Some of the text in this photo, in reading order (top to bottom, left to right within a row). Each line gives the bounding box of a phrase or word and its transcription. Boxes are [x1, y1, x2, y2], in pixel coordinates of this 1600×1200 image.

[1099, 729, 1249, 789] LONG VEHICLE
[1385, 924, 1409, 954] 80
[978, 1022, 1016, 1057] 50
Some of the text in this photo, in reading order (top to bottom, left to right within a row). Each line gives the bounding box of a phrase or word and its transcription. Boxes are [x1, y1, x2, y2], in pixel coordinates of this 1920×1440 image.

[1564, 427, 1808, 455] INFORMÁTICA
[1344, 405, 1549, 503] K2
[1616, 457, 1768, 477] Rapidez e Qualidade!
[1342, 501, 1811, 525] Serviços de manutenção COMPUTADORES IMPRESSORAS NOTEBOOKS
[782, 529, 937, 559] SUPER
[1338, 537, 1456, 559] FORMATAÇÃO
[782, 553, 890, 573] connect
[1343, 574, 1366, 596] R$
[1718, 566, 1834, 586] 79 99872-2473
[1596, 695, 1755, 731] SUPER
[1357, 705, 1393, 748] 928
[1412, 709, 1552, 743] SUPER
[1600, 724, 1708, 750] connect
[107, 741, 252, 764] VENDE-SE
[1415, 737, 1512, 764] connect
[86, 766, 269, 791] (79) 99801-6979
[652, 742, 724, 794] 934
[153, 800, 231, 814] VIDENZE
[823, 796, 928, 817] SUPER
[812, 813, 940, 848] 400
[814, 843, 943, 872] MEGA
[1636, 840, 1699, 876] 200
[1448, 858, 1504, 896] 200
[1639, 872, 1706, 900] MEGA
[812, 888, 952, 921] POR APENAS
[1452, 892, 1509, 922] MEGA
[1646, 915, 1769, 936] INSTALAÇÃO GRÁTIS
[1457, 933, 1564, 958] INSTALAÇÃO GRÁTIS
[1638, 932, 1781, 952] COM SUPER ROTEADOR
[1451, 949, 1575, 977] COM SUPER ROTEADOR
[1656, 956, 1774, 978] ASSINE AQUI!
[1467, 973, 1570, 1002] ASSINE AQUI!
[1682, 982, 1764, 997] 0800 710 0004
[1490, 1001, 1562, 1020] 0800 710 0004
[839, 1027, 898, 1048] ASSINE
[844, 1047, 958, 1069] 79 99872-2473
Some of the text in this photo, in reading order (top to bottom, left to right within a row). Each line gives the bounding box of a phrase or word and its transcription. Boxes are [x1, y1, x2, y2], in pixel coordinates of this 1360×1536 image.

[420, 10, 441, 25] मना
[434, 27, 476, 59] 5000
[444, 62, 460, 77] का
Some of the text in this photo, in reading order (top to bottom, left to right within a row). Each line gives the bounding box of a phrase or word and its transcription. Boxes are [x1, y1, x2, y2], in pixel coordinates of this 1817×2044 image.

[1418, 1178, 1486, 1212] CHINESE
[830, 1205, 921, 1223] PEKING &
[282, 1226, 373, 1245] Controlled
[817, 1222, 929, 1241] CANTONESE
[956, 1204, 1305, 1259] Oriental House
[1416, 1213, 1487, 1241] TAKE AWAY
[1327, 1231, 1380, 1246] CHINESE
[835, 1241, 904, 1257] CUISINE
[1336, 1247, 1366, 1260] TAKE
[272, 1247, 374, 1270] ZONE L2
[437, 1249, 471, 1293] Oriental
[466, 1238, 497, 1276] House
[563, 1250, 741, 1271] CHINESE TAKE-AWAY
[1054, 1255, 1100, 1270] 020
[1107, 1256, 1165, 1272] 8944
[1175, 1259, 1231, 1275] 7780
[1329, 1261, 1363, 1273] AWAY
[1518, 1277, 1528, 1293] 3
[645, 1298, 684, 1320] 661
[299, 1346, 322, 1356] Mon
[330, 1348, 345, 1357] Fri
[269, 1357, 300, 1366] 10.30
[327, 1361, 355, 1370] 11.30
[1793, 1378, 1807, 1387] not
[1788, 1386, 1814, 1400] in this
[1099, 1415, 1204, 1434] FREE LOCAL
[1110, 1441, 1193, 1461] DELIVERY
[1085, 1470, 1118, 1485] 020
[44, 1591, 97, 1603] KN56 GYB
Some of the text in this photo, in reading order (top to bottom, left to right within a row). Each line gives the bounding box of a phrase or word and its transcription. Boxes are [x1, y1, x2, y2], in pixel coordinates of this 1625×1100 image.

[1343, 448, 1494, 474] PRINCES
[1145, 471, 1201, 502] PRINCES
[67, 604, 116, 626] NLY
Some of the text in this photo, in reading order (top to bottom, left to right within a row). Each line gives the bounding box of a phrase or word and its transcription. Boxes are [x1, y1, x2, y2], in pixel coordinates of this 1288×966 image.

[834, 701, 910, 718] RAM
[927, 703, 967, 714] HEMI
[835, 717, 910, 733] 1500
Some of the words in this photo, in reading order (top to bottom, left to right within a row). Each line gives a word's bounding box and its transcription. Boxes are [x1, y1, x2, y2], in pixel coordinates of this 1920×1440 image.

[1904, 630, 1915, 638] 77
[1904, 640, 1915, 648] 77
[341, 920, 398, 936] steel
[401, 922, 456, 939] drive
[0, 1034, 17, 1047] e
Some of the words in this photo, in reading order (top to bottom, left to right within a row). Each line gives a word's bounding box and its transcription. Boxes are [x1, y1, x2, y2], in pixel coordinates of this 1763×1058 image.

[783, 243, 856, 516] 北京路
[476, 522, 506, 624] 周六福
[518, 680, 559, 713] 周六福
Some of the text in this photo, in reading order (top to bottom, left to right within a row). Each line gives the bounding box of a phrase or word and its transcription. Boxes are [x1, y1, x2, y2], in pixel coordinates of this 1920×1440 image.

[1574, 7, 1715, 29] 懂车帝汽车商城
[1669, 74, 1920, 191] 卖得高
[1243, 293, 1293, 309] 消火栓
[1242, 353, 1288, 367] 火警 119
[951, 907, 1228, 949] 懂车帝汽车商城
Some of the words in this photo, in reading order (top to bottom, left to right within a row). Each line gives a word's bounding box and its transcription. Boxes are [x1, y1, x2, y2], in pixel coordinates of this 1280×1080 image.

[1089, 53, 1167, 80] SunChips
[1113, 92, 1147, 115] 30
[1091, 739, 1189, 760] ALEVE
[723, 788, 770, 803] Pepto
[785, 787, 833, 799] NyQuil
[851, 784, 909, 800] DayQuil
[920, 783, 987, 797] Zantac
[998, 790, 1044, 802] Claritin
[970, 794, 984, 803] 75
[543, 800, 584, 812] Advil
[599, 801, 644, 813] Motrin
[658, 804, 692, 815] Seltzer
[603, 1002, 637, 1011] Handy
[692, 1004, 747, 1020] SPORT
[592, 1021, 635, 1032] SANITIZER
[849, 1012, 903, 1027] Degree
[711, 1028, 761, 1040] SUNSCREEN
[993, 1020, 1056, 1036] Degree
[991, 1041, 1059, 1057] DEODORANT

● TRY IT:
Output the listing in full. Leave every line unchanged.

● SOLUTION FOR THIS EXERCISE:
Some of the text in this photo, in reading order (top to bottom, left to right within a row). Each line gives the bounding box of a phrase or word and its transcription. Boxes are [x1, y1, x2, y2], in pixel coordinates of this 1600×1200 image.

[1099, 729, 1249, 789] LONG VEHICLE
[1385, 924, 1409, 954] 80
[978, 1022, 1016, 1057] 50
Some of the text in this photo, in reading order (top to bottom, left to right within a row). Each line gives the bounding box of a phrase or word and its transcription. Boxes are [x1, y1, x2, y2], in pixel coordinates of this 1920×1440 image.

[1564, 427, 1808, 455] INFORMÁTICA
[1344, 405, 1549, 503] K2
[1616, 457, 1768, 477] Rapidez e Qualidade!
[1342, 501, 1811, 525] Serviços de manutenção COMPUTADORES IMPRESSORAS NOTEBOOKS
[782, 529, 937, 559] SUPER
[1338, 537, 1456, 559] FORMATAÇÃO
[782, 553, 890, 573] connect
[1343, 574, 1366, 596] R$
[1718, 566, 1834, 586] 79 99872-2473
[1596, 695, 1755, 731] SUPER
[1357, 705, 1393, 748] 928
[1412, 709, 1552, 743] SUPER
[1600, 724, 1708, 750] connect
[107, 741, 252, 764] VENDE-SE
[1415, 737, 1512, 764] connect
[86, 766, 269, 791] (79) 99801-6979
[652, 742, 724, 794] 934
[153, 800, 231, 814] VIDENZE
[823, 796, 928, 817] SUPER
[812, 813, 940, 848] 400
[814, 843, 943, 872] MEGA
[1636, 840, 1699, 876] 200
[1448, 858, 1504, 896] 200
[1639, 872, 1706, 900] MEGA
[812, 888, 952, 921] POR APENAS
[1452, 892, 1509, 922] MEGA
[1646, 915, 1769, 936] INSTALAÇÃO GRÁTIS
[1457, 933, 1564, 958] INSTALAÇÃO GRÁTIS
[1638, 932, 1781, 952] COM SUPER ROTEADOR
[1451, 949, 1575, 977] COM SUPER ROTEADOR
[1656, 956, 1774, 978] ASSINE AQUI!
[1467, 973, 1570, 1002] ASSINE AQUI!
[1682, 982, 1764, 997] 0800 710 0004
[1490, 1001, 1562, 1020] 0800 710 0004
[839, 1027, 898, 1048] ASSINE
[844, 1047, 958, 1069] 79 99872-2473
Some of the text in this photo, in reading order (top to bottom, left to right within a row). Each line gives the bounding box of a phrase or word and its transcription. Boxes are [x1, y1, x2, y2], in pixel coordinates of this 1360×1536 image.

[420, 10, 441, 25] मना
[434, 27, 476, 59] 5000
[444, 62, 460, 77] का
Some of the text in this photo, in reading order (top to bottom, left to right within a row). Each line gives the bounding box of a phrase or word and its transcription. Boxes are [x1, y1, x2, y2], in pixel coordinates of this 1817×2044 image.

[1418, 1178, 1486, 1212] CHINESE
[830, 1205, 921, 1223] PEKING &
[282, 1226, 373, 1245] Controlled
[817, 1222, 929, 1241] CANTONESE
[956, 1204, 1305, 1259] Oriental House
[1416, 1213, 1487, 1241] TAKE AWAY
[1327, 1231, 1380, 1246] CHINESE
[835, 1241, 904, 1257] CUISINE
[1336, 1247, 1366, 1260] TAKE
[272, 1247, 374, 1270] ZONE L2
[437, 1249, 471, 1293] Oriental
[466, 1238, 497, 1276] House
[563, 1250, 741, 1271] CHINESE TAKE-AWAY
[1054, 1255, 1100, 1270] 020
[1107, 1256, 1165, 1272] 8944
[1175, 1259, 1231, 1275] 7780
[1329, 1261, 1363, 1273] AWAY
[1518, 1277, 1528, 1293] 3
[645, 1298, 684, 1320] 661
[299, 1346, 322, 1356] Mon
[330, 1348, 345, 1357] Fri
[269, 1357, 300, 1366] 10.30
[327, 1361, 355, 1370] 11.30
[1793, 1378, 1807, 1387] not
[1788, 1386, 1814, 1400] in this
[1099, 1415, 1204, 1434] FREE LOCAL
[1110, 1441, 1193, 1461] DELIVERY
[1085, 1470, 1118, 1485] 020
[44, 1591, 97, 1603] KN56 GYB
Some of the text in this photo, in reading order (top to bottom, left to right within a row). Each line gives the bounding box of a phrase or word and its transcription. Boxes are [x1, y1, x2, y2], in pixel coordinates of this 1625×1100 image.

[1343, 448, 1494, 474] PRINCES
[1145, 471, 1201, 502] PRINCES
[67, 604, 116, 626] NLY
Some of the text in this photo, in reading order (top to bottom, left to right within a row). Each line gives the bounding box of a phrase or word and its transcription. Boxes are [x1, y1, x2, y2], in pixel coordinates of this 1288×966 image.

[834, 701, 910, 718] RAM
[927, 703, 967, 714] HEMI
[835, 717, 910, 733] 1500
Some of the words in this photo, in reading order (top to bottom, left to right within a row). Each line gives a word's bounding box and its transcription. Boxes are [x1, y1, x2, y2], in pixel coordinates of this 1920×1440 image.

[1904, 630, 1915, 638] 77
[1904, 640, 1915, 648] 77
[341, 920, 398, 936] steel
[401, 922, 456, 939] drive
[0, 1034, 17, 1047] e
Some of the words in this photo, in reading order (top to bottom, left to right within a row). Each line gives a word's bounding box and its transcription. Boxes are [x1, y1, x2, y2], in pixel coordinates of this 1763×1058 image.

[783, 243, 856, 516] 北京路
[476, 522, 506, 624] 周六福
[518, 680, 559, 713] 周六福
Some of the text in this photo, in reading order (top to bottom, left to right within a row). Each line gives the bounding box of a phrase or word and its transcription. Boxes are [x1, y1, x2, y2], in pixel coordinates of this 1920×1440 image.

[1574, 7, 1715, 29] 懂车帝汽车商城
[1669, 74, 1920, 191] 卖得高
[1243, 293, 1293, 309] 消火栓
[1242, 353, 1288, 367] 火警 119
[951, 907, 1228, 949] 懂车帝汽车商城
Some of the words in this photo, in reading order (top to bottom, left to right within a row). Each line gives a word's bounding box and its transcription. Boxes are [x1, y1, x2, y2], in pixel coordinates of this 1280×1080 image.

[1089, 53, 1167, 80] SunChips
[1113, 92, 1147, 115] 30
[1091, 739, 1189, 760] ALEVE
[723, 788, 770, 803] Pepto
[785, 787, 833, 799] NyQuil
[851, 784, 909, 800] DayQuil
[920, 783, 987, 797] Zantac
[998, 790, 1044, 802] Claritin
[970, 794, 984, 803] 75
[543, 800, 584, 812] Advil
[599, 801, 644, 813] Motrin
[658, 804, 692, 815] Seltzer
[603, 1002, 637, 1011] Handy
[692, 1004, 747, 1020] SPORT
[592, 1021, 635, 1032] SANITIZER
[849, 1012, 903, 1027] Degree
[711, 1028, 761, 1040] SUNSCREEN
[993, 1020, 1056, 1036] Degree
[991, 1041, 1059, 1057] DEODORANT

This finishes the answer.